Melatonin and Delirium
The central internal (endogenous) circadian rhythm pacemaker (regulating such 24-hour biological cycles as endocrine function, body temperature, and sleep-wake cycle) is located in the suprachiasmatic nucleus (SCN) of the hypothalamus. Light influences SCN function via a neural pathway from the retina to the SCN. A pathway also runs from the SCN to the pineal gland, where the synthesis and release of the hormone melatonin occurs. Carbohydrate intake stimulates the influx of the amino acid tryptophan into the brain relative to other amino acids. Tryptophan is synthesized into the neurotransmitter serotonin in the brain, and melatonin is synthesized from serotonin in the pineal gland. Melatonin secretion is regulated internally by the normal autonomous activity of the SCN and regulated externally by light exposure on the retina. Melatonin is effective for treating circadian rhythm sleep disturbances (e.g., associated with jet lag), but it is only modestly effective in the treatment of insomnia unrelated to circadian rhythm sleep disturbances (Pandi-Perumal, Srinivasan, Spence, & Cardinali, 2007).

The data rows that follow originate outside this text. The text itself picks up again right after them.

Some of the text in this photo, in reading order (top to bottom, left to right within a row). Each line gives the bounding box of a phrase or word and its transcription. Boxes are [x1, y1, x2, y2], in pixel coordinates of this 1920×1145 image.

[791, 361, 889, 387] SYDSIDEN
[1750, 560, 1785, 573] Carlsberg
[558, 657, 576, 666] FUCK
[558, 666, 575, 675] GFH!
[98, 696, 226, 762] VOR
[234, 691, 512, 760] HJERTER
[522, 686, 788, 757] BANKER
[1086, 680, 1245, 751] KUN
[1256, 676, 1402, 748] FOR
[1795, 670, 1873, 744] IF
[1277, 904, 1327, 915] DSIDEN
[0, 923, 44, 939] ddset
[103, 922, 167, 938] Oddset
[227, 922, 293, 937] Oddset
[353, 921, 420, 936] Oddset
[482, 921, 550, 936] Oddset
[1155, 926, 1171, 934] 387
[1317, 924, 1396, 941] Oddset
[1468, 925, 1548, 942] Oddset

Maldonado (2013) reviewed seven theories that have been proposed to explain the processes leading to the development of delirium. One theory is referred to as the diurnal dysregulation or melatonin dysregulation hypothesis, which suggests that disruptions to the 24-hour circadian cycle (including melatonin secretion and/or activity) and sleep stages may lead to direct and indirect physiological disturbances associated with delirium. The abnormal tryptophan metabolism model of delirium emphasizes the role of tryptophan as a precursor for serotonin and melatonin (Fitzgerald et al., 2013). Based on these physiological mechanisms, two controlled treatment studies have investigated the use of melatonin for preventing delirium (Al-Aama et al., 2011; Sultan, 2010). A third randomized, double-blind, placebo-controlled study is being conducted, but no results have been published (de Jonghe et al., 2011).

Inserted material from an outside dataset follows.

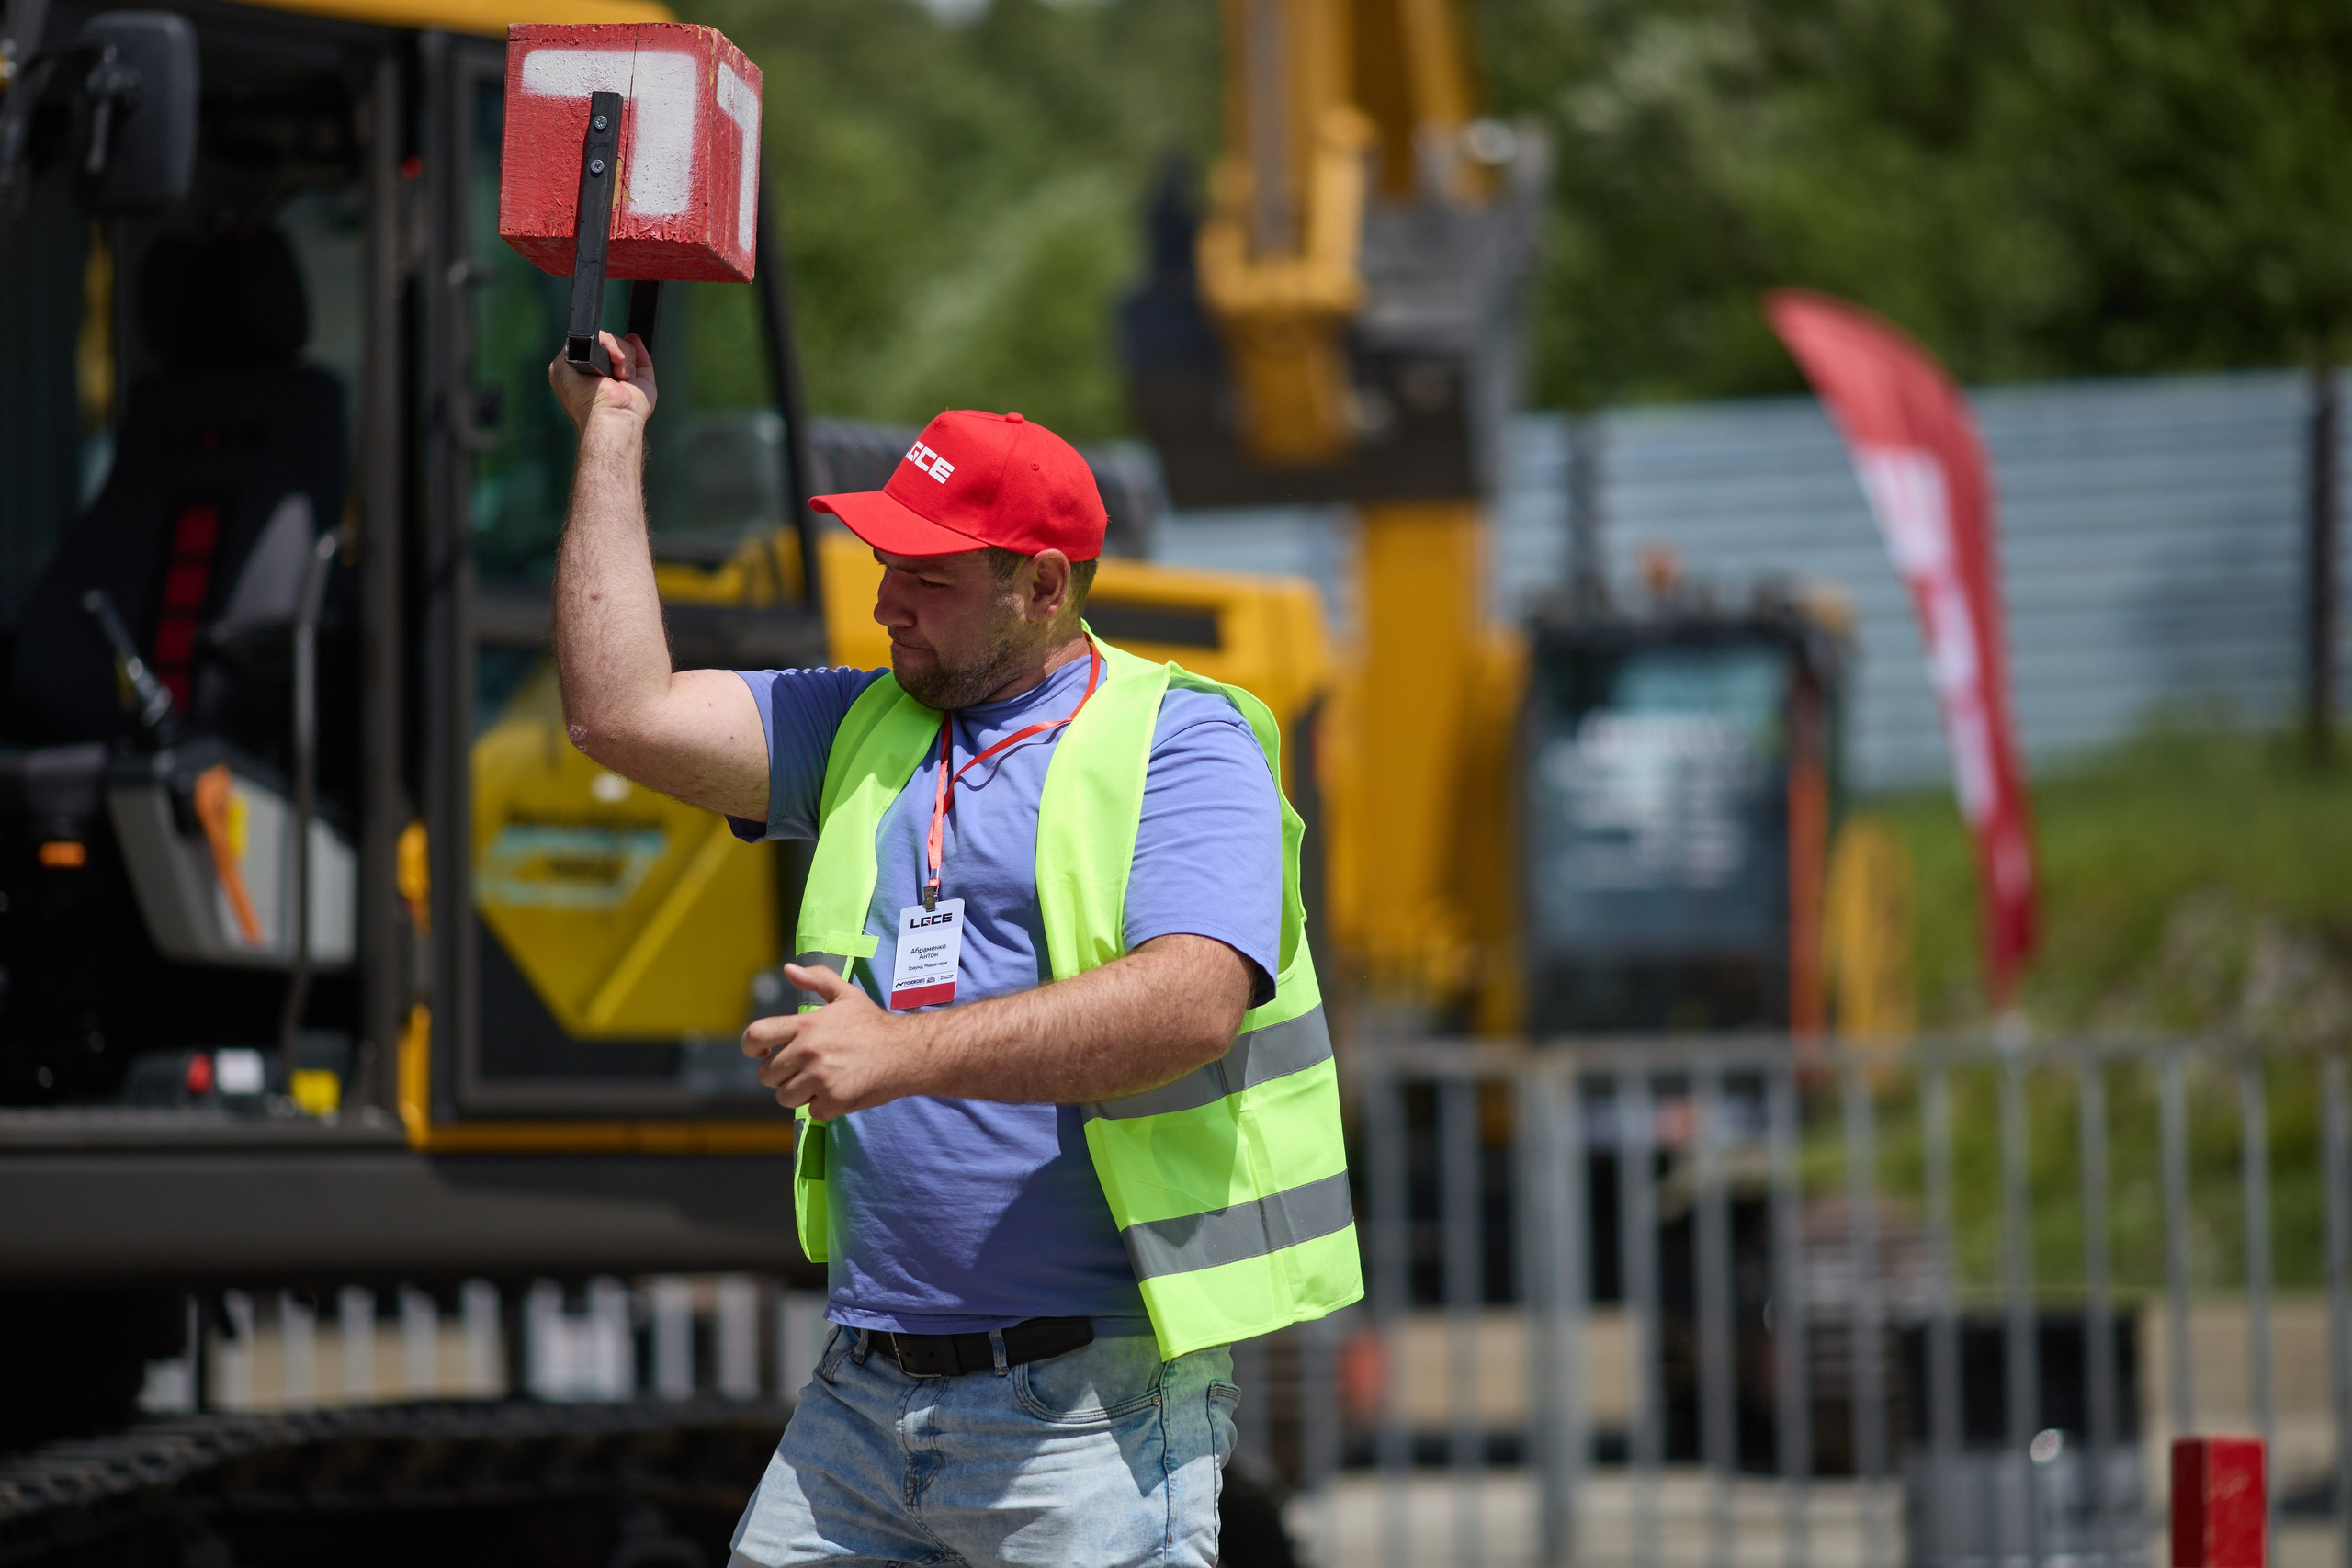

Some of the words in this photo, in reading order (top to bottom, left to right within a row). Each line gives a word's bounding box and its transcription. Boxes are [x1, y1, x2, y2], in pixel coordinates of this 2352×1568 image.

[905, 440, 956, 485] GCE
[910, 912, 953, 929] LGCE
[910, 943, 947, 954] Абраменко

Sultan (2010) investigated the effect of three drugs, including melatonin, on the incidence of postoperative delirium after scheduled hip arthroplasty surgery in 222 older adults ages 65 and older. This randomized, double-blind, controlled study compared four premedication treatment groups: (a) no premedication drug (control); (b) melatonin 5 mg; (c) midazolam 7.5 mg; and (d) clonidine 100 μg. For each treatment group, the study drug was given once at bedtime (night before surgery) and a second dose was given 90 minutes prior to surgery. All patients received spinal anesthesia. The main outcome measure was the incidence of postoperative delirium during 3 days of follow-up assessment. Melatonin was associated with a significantly lower risk of delirium (10%) compared with control (33%), mid-azolam (44%), and clonidine (37%). The 62 patients who developed delirium (across all four groups) were then treated openly with melatonin, but the number of doses given to these patients was not reported. Of these 62 patients, 36 (58%) responded to melatonin.

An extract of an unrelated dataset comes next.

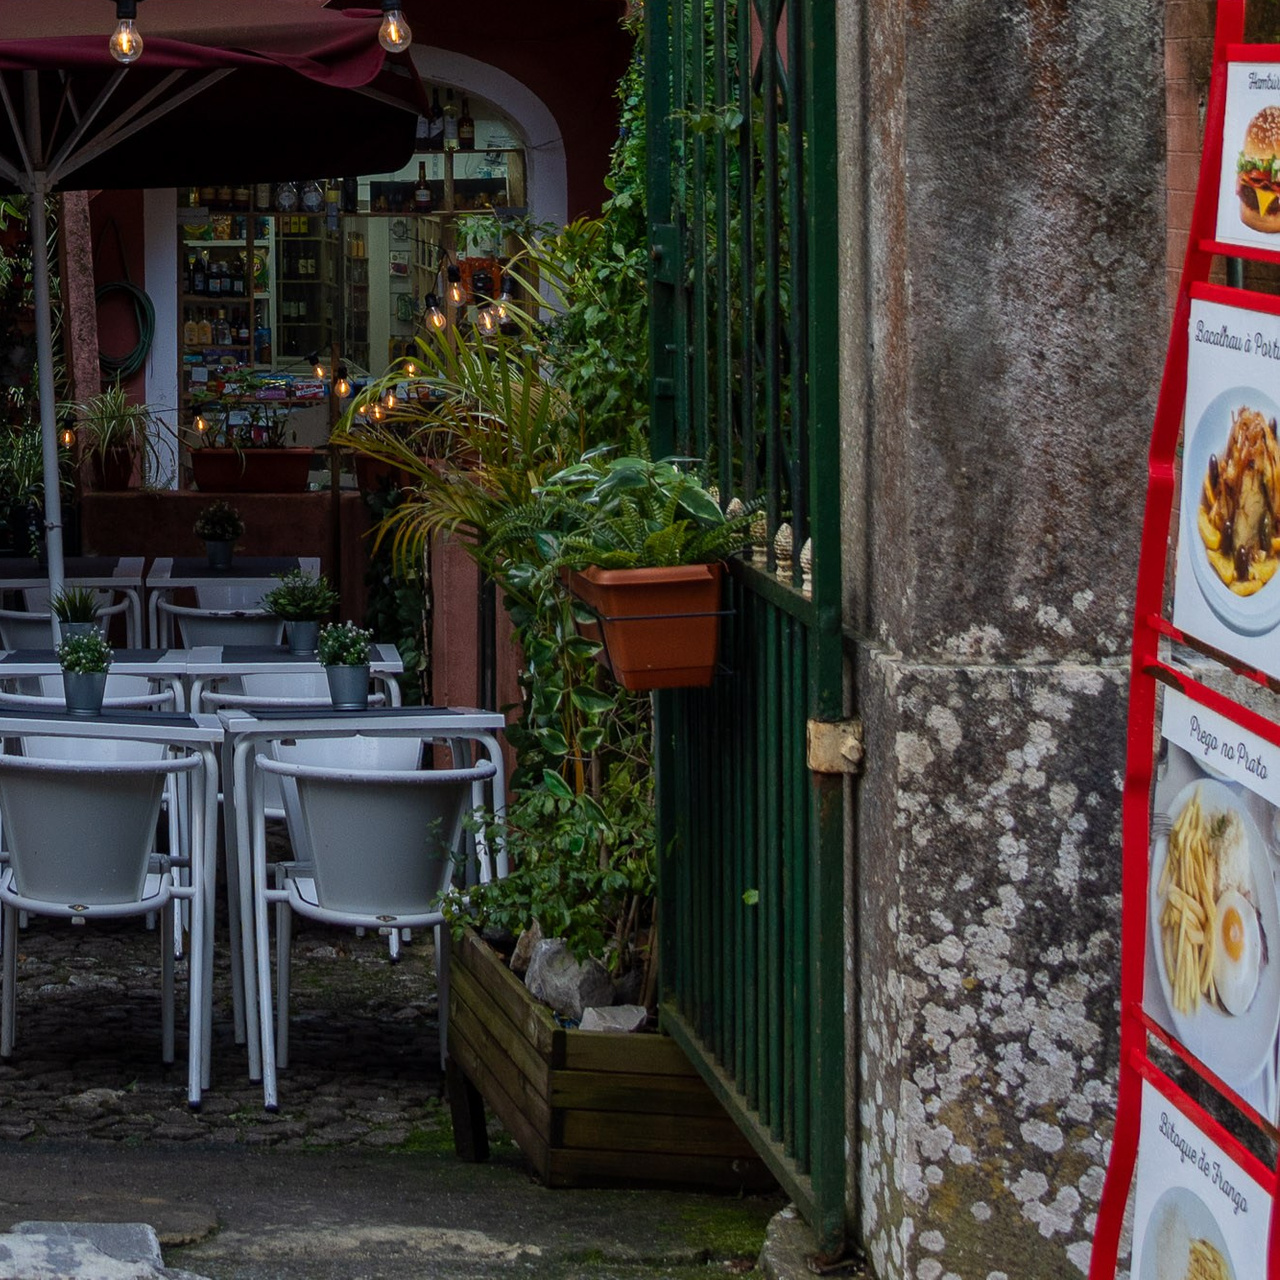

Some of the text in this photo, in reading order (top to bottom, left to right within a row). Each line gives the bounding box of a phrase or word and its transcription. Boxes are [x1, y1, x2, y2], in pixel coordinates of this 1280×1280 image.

[1194, 319, 1243, 351] Bacalhau
[1244, 332, 1252, 352] à
[1189, 715, 1268, 780] Prego no Prato
[1158, 1111, 1248, 1215] Bitoque de Frango

Al-Aama et al. (2010) investigated the use of low-dose melatonin on the risk of delirium in a randomized, double-blind, placebo-controlled trial of patients admitted through the emergency department to a medical unit in a tertiary care hospital. The patients were 65 and older. The 145 patients were randomized to receive melatonin (0.5 mg per day) or placebo at night for 2 weeks or until discharge. The main outcome measure was the occurrence of delirium during the hospital stay. Melatonin was associated with a significantly lower risk of delirium (12%) compared with placebo (31%). At time of enrollment, five patients in the melatonin group and nine in the placebo group had pre-existing delirium. After excluding these 14 patients, melatonin was still associated with a significantly lower risk of delirium (4%) compared with placebo (19%). Melatonin was more effective than placebo even after controlling for associated risk factors. There were no differences between melatonin and placebo on measures of sleep.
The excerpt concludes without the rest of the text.